◆ Goal of the exercise: Return the data below in full and exactly, except that the pictures are dropped.

(Material supplied begins)

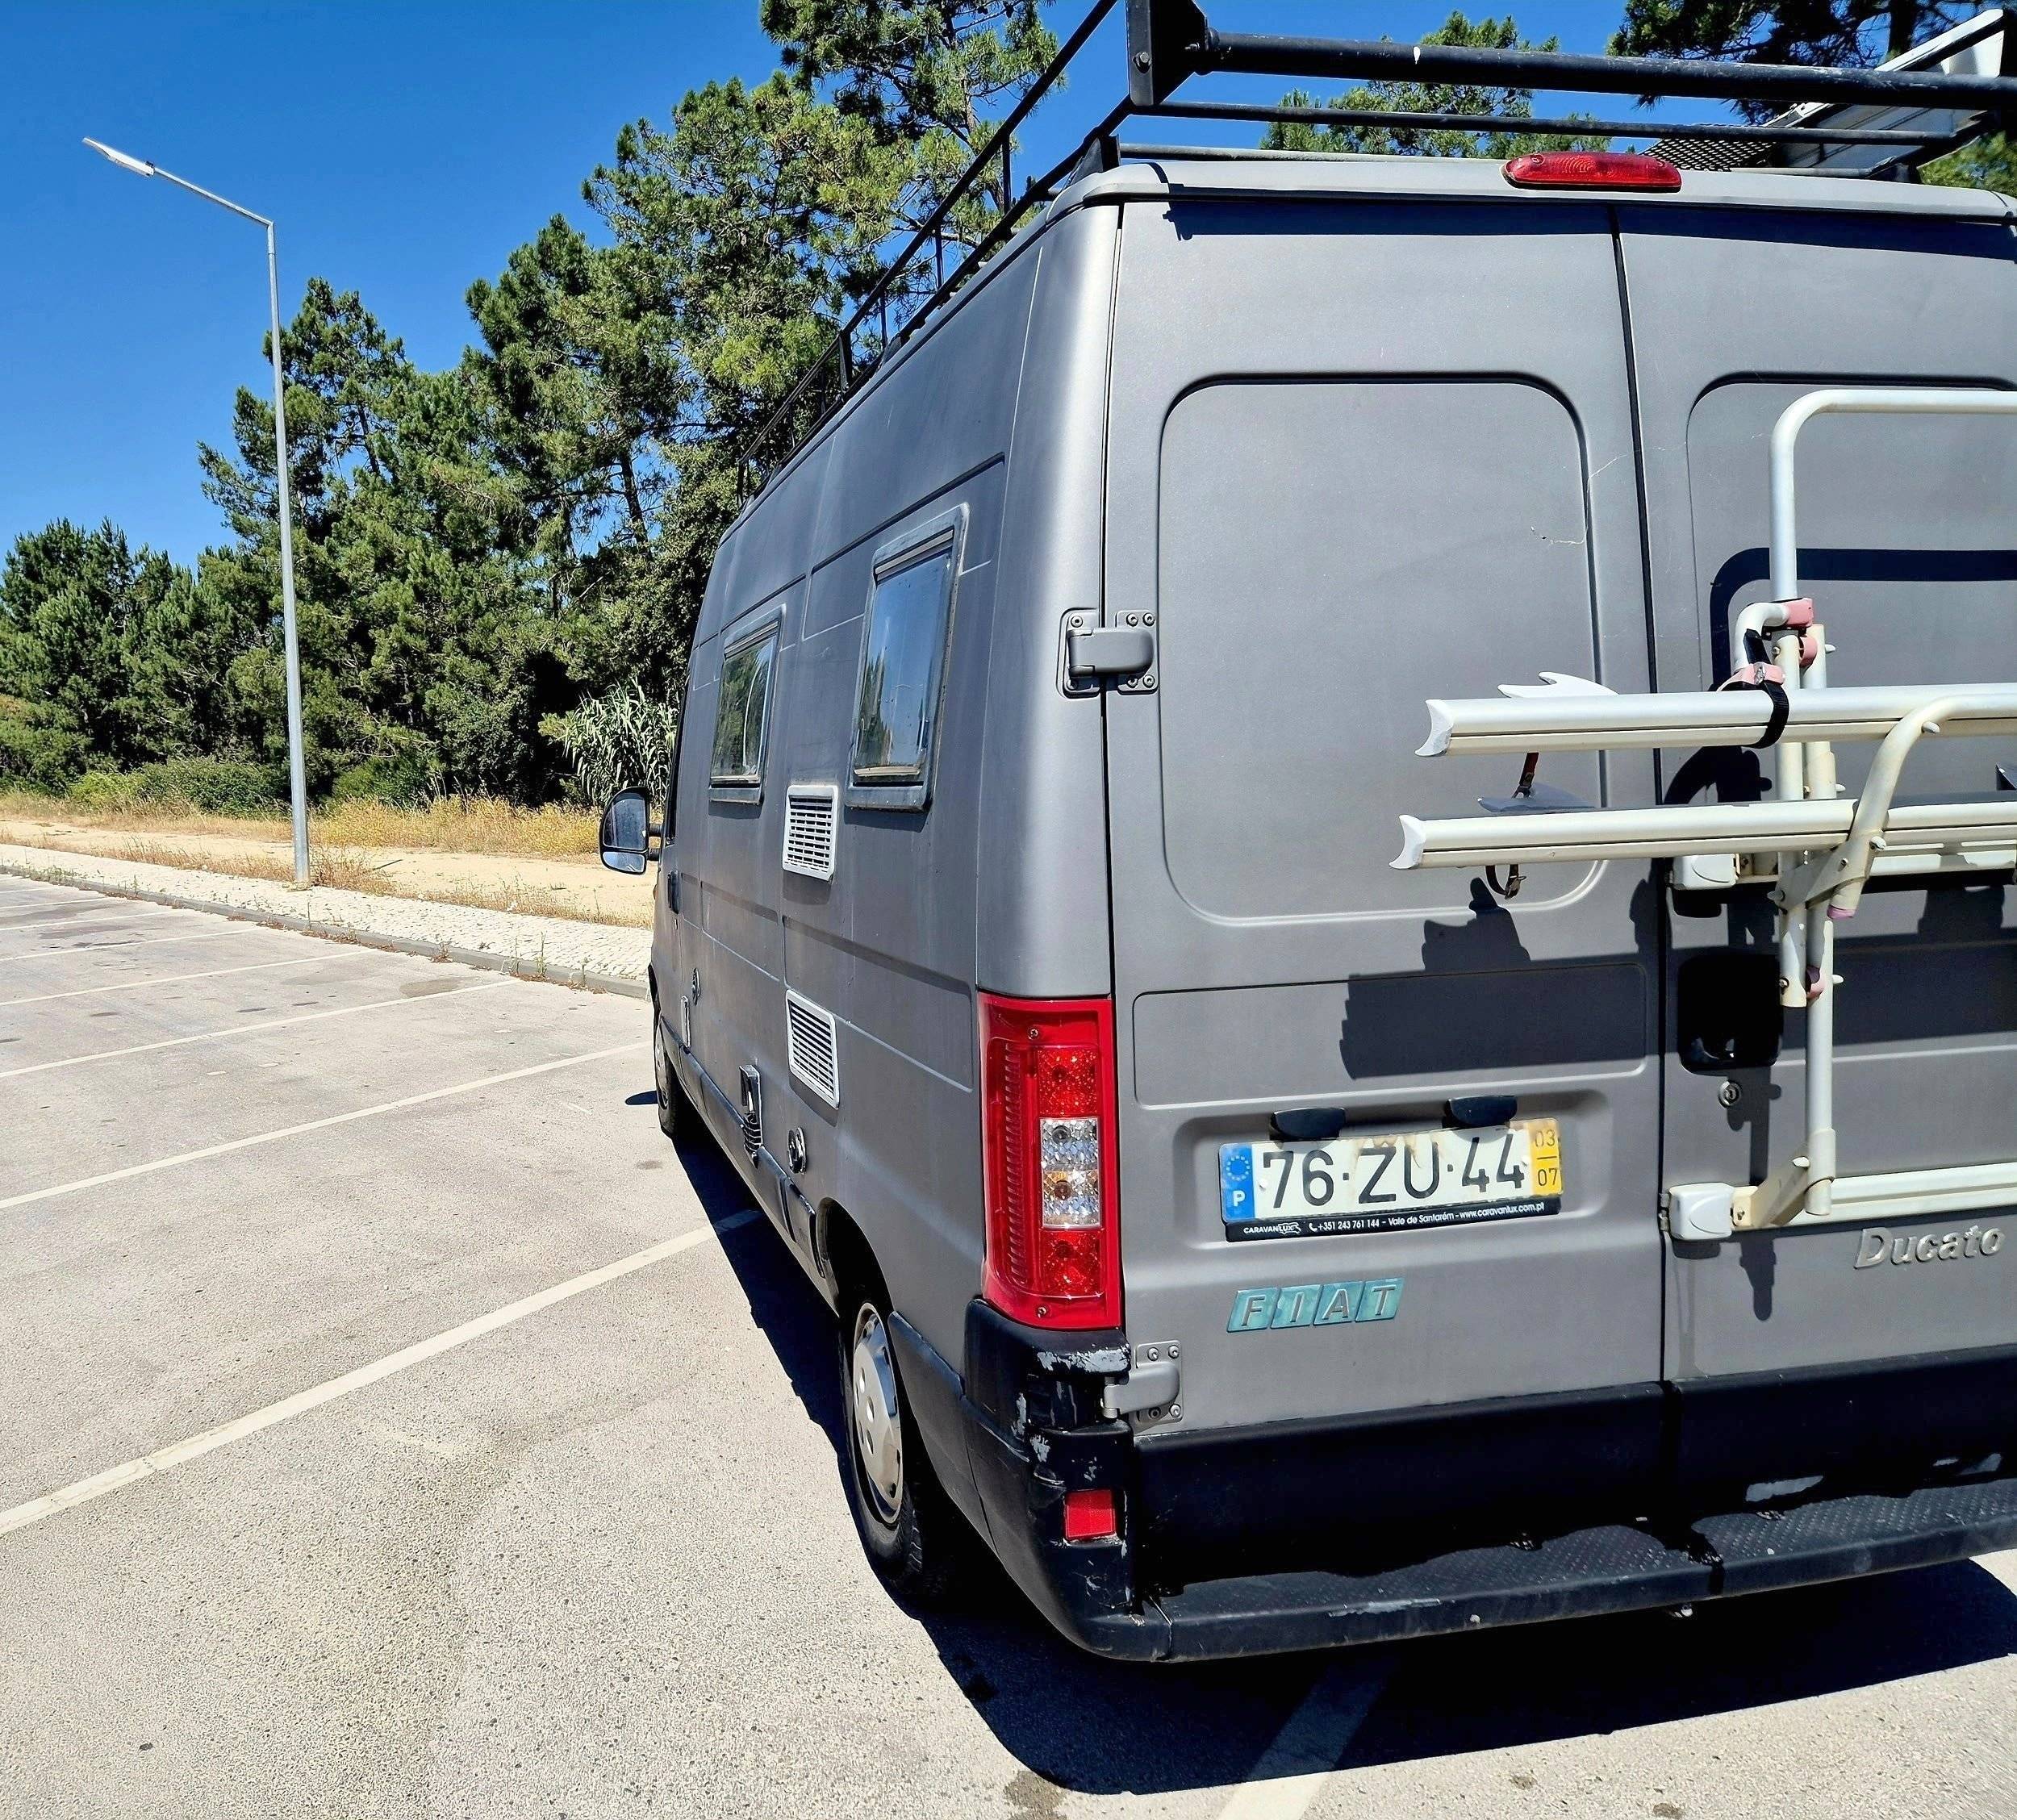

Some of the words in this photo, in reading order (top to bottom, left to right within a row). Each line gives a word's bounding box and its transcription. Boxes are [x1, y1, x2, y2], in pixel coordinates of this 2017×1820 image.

[1535, 1129, 1556, 1147] 03
[1537, 1167, 1558, 1186] 07
[1233, 1190, 1246, 1207] P
[1318, 1223, 1336, 1232] +351
[1337, 1221, 1351, 1230] 243
[1351, 1220, 1365, 1229] 761
[1367, 1218, 1380, 1228] 144
[1388, 1217, 1405, 1225] Vale
[1406, 1216, 1418, 1225] de
[1418, 1212, 1455, 1224] Santarém
[1460, 1202, 1545, 1219] www.caravanlux.com.pt
[1853, 1225, 2007, 1270] Ducato
[1239, 1284, 1397, 1327] FIAT

(Material supplied ends)

◆ Response:
Some of the words in this photo, in reading order (top to bottom, left to right within a row). Each line gives a word's bounding box and its transcription. Boxes are [x1, y1, x2, y2], in pixel coordinates of this 2017×1820 image.

[1535, 1129, 1556, 1147] 03
[1537, 1167, 1558, 1186] 07
[1233, 1190, 1246, 1207] P
[1318, 1223, 1336, 1232] +351
[1337, 1221, 1351, 1230] 243
[1351, 1220, 1365, 1229] 761
[1367, 1218, 1380, 1228] 144
[1388, 1217, 1405, 1225] Vale
[1406, 1216, 1418, 1225] de
[1418, 1212, 1455, 1224] Santarém
[1460, 1202, 1545, 1219] www.caravanlux.com.pt
[1853, 1225, 2007, 1270] Ducato
[1239, 1284, 1397, 1327] FIAT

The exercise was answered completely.